EXERCISE AIM
Set down every entry word for word. Omit the pictures.
DATASET below:
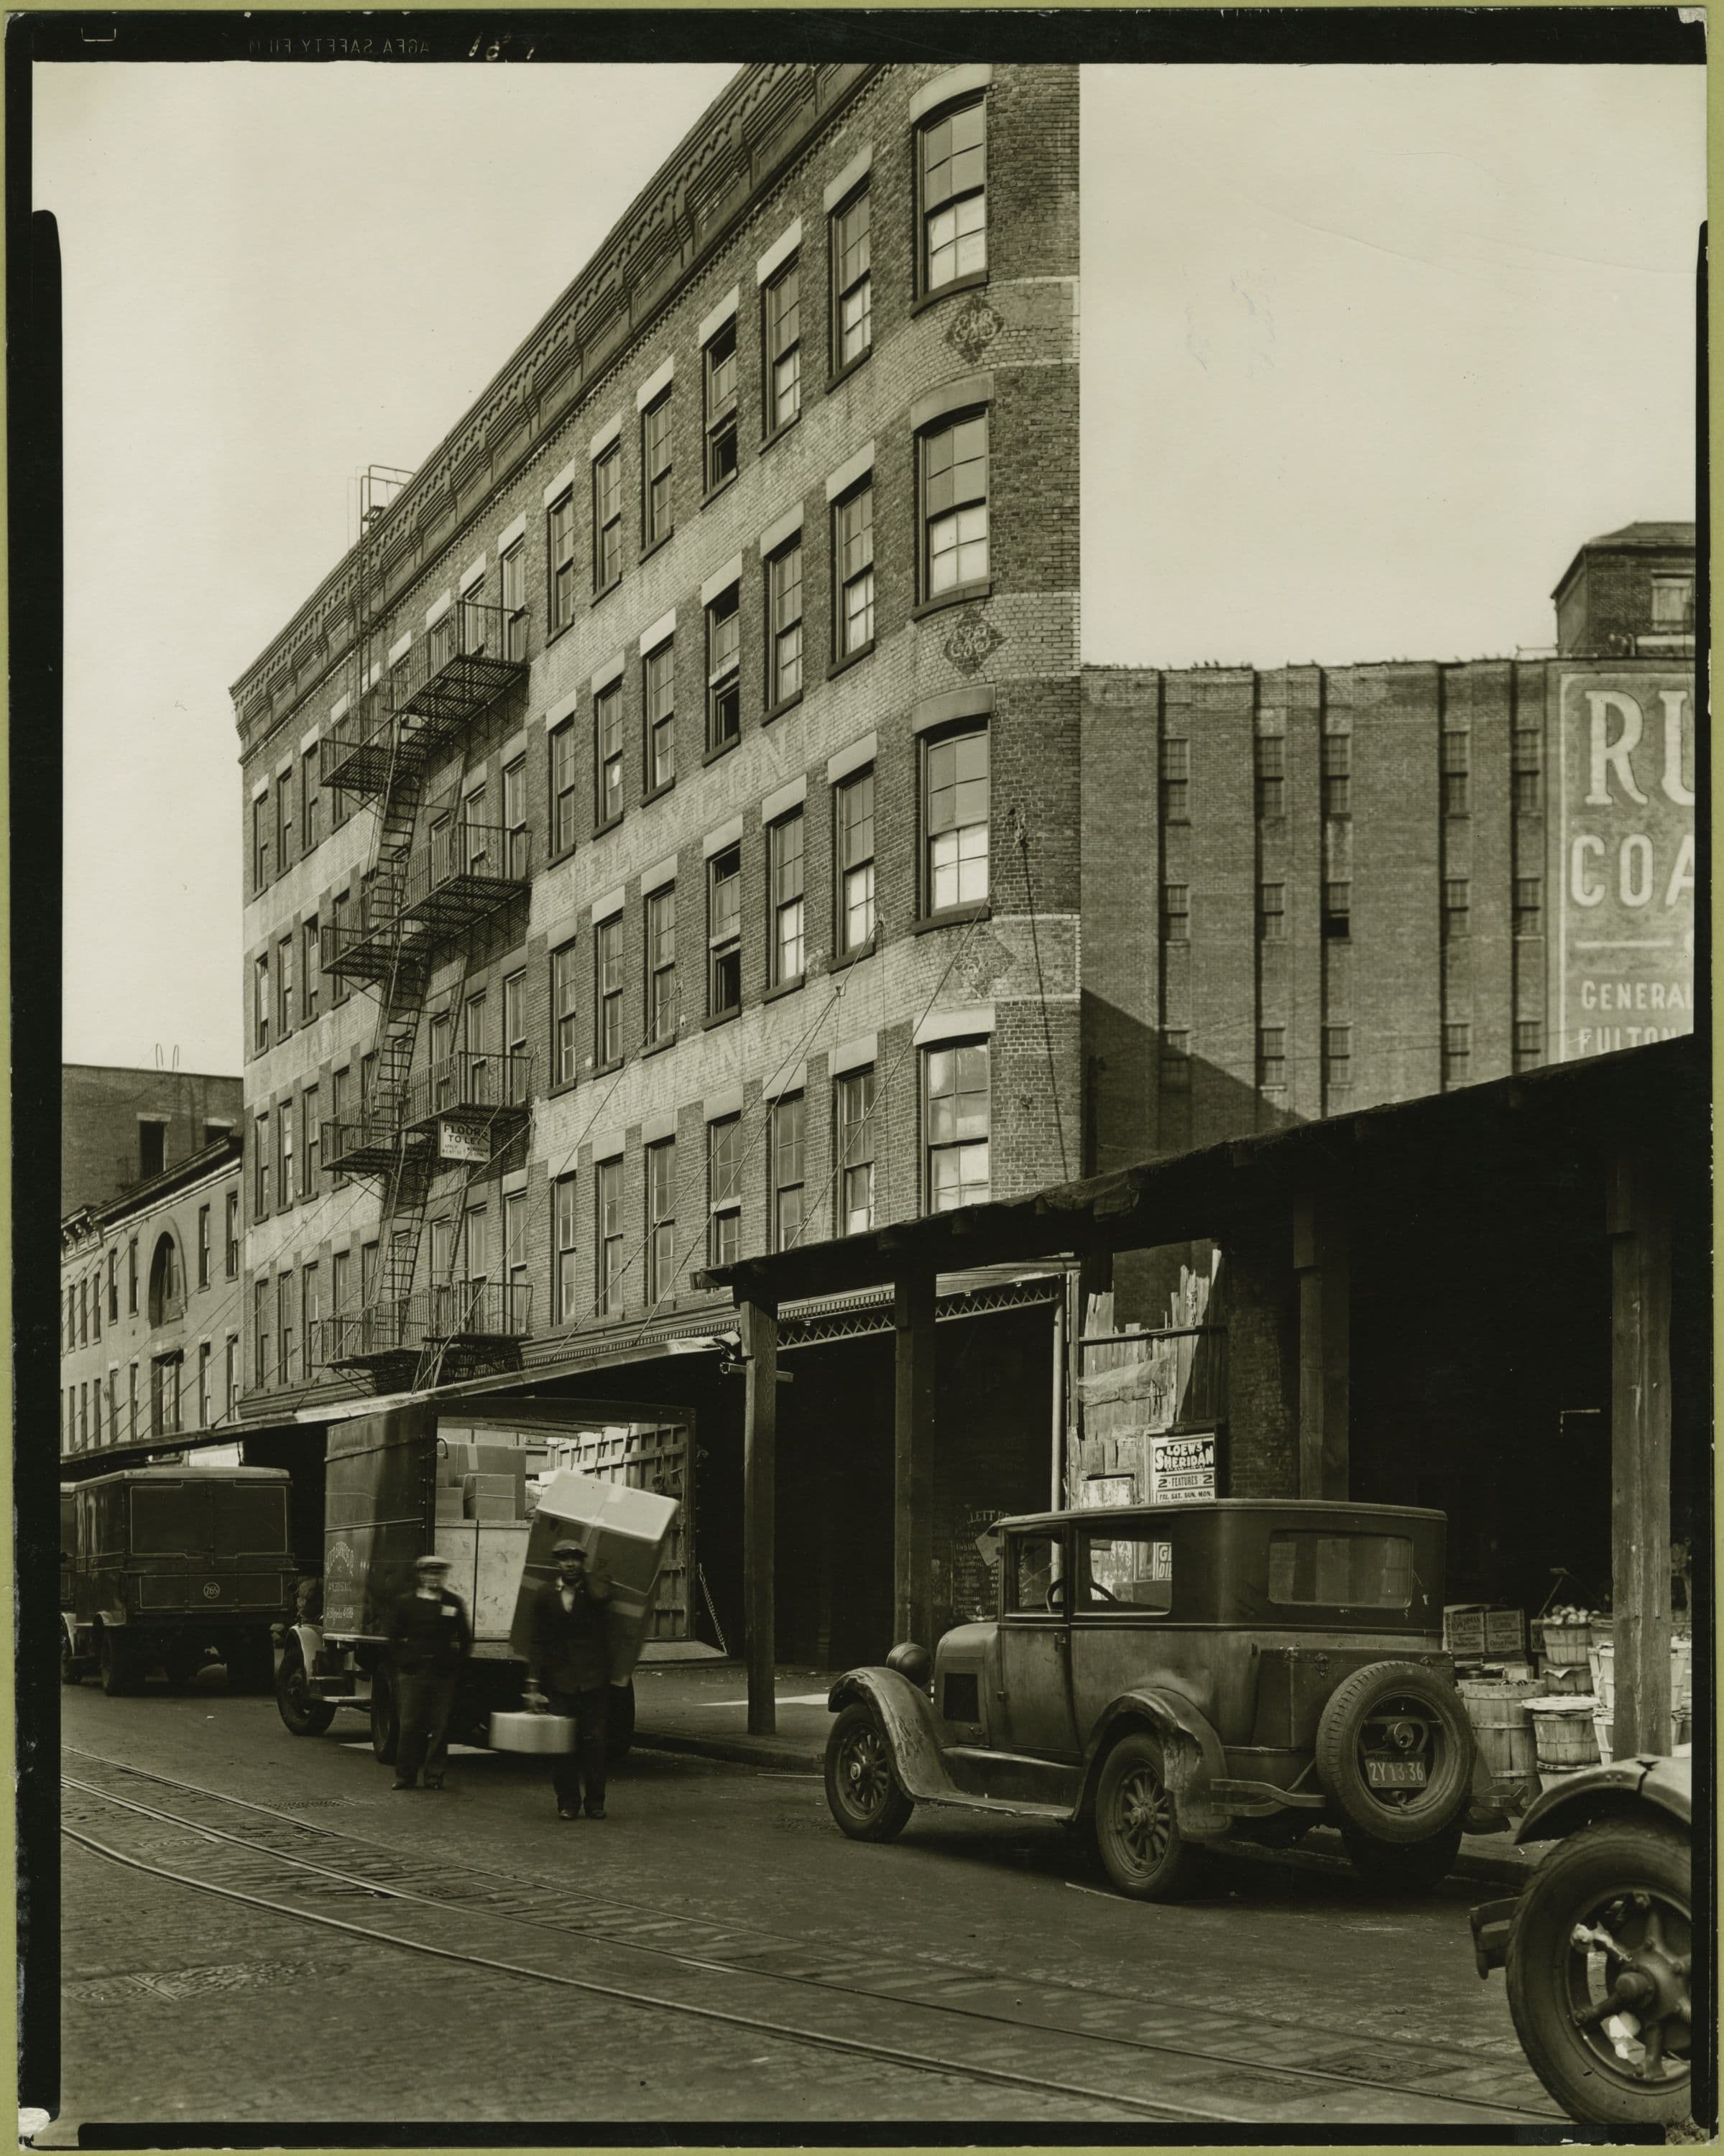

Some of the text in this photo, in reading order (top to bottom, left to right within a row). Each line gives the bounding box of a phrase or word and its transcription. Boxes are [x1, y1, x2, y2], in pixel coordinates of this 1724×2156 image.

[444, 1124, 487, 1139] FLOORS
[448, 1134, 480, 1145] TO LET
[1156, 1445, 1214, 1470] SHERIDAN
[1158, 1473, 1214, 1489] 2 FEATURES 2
End of DATASET.
SOLUTION TO THE PROBLEM
Some of the text in this photo, in reading order (top to bottom, left to right within a row). Each line gives the bounding box of a phrase or word and its transcription. Boxes are [x1, y1, x2, y2], in pixel coordinates of this 1724×2156 image.

[444, 1124, 487, 1139] FLOORS
[448, 1134, 480, 1145] TO LET
[1156, 1445, 1214, 1470] SHERIDAN
[1158, 1473, 1214, 1489] 2 FEATURES 2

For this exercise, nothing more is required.